(Data)
------------------------------------------------------------
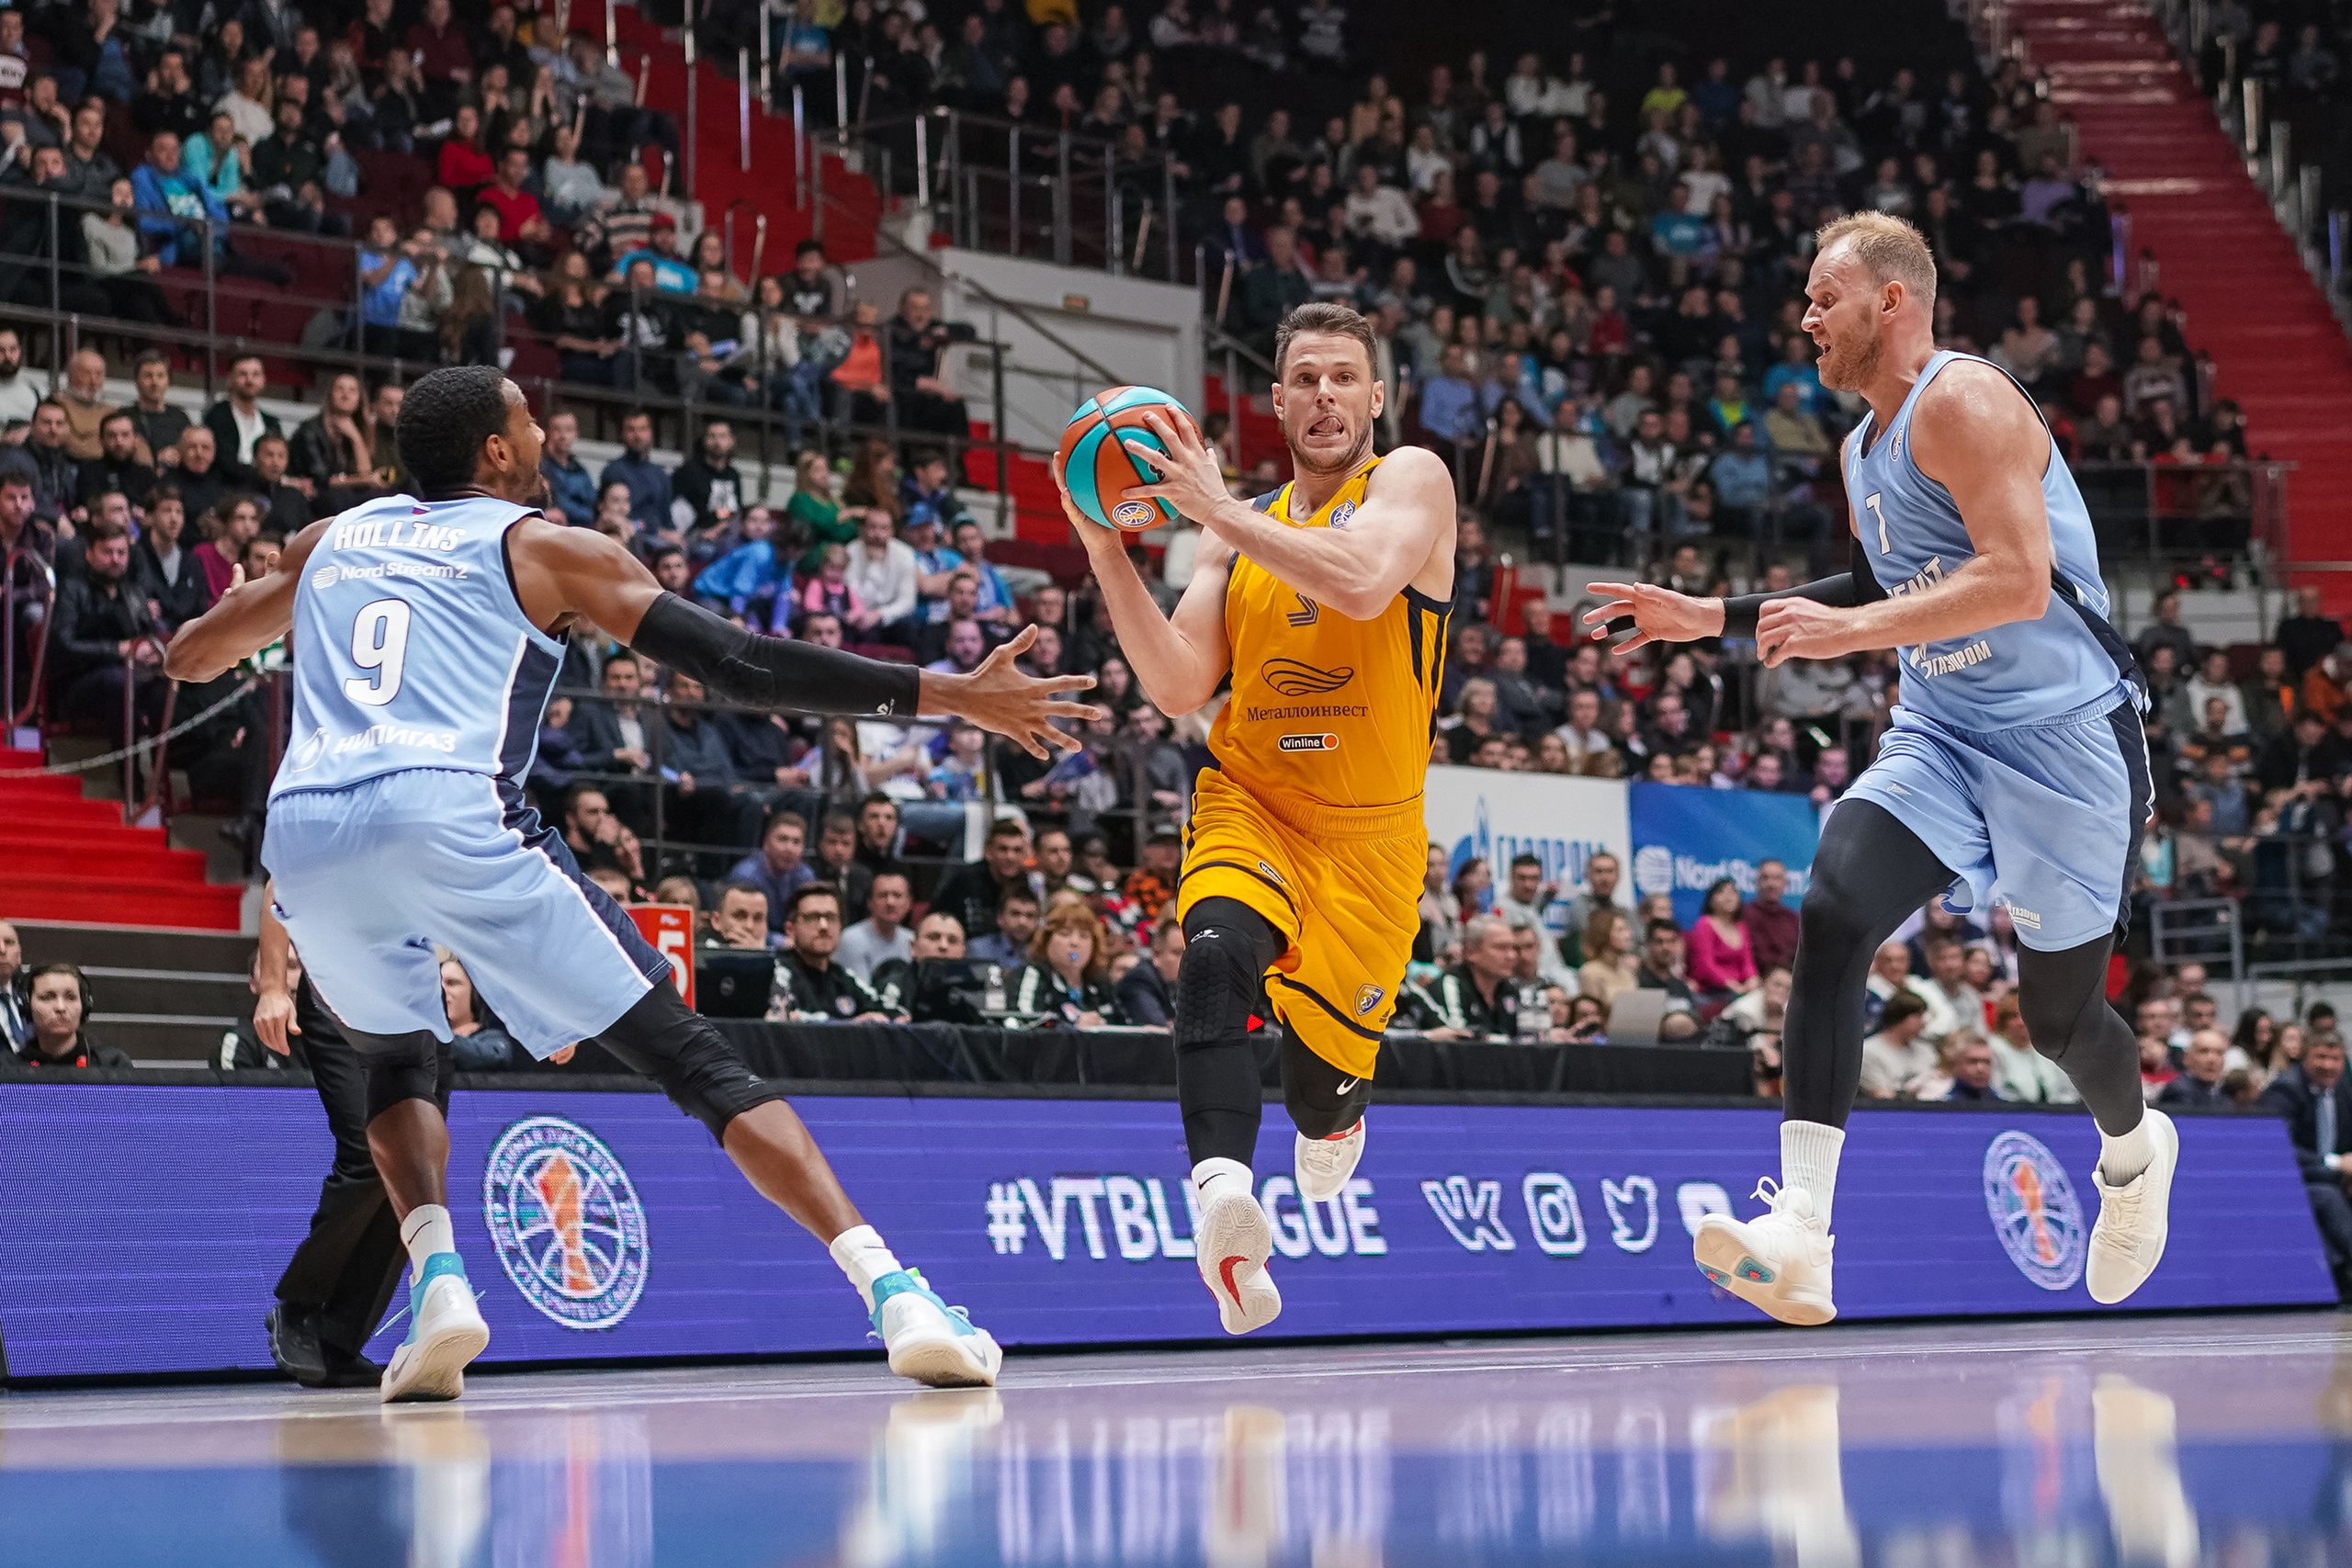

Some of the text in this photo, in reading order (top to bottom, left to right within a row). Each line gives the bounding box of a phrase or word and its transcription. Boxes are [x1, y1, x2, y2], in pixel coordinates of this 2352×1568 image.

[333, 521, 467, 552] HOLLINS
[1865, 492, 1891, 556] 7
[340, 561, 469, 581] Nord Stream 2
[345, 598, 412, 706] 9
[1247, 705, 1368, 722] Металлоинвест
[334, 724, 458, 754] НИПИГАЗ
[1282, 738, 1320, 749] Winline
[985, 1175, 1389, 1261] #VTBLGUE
------------------------------------------------------------
(Assigned task) With the pictures excluded, the records are to be reproduced exactly.

(Exercise output)
Some of the text in this photo, in reading order (top to bottom, left to right within a row). Each line gives the bounding box of a phrase or word and its transcription. Boxes are [x1, y1, x2, y2], in pixel coordinates of this 2352×1568 image.

[333, 521, 467, 552] HOLLINS
[1865, 492, 1891, 556] 7
[340, 561, 469, 581] Nord Stream 2
[345, 598, 412, 706] 9
[1247, 705, 1368, 722] Металлоинвест
[334, 724, 458, 754] НИПИГАЗ
[1282, 738, 1320, 749] Winline
[985, 1175, 1389, 1261] #VTBLGUE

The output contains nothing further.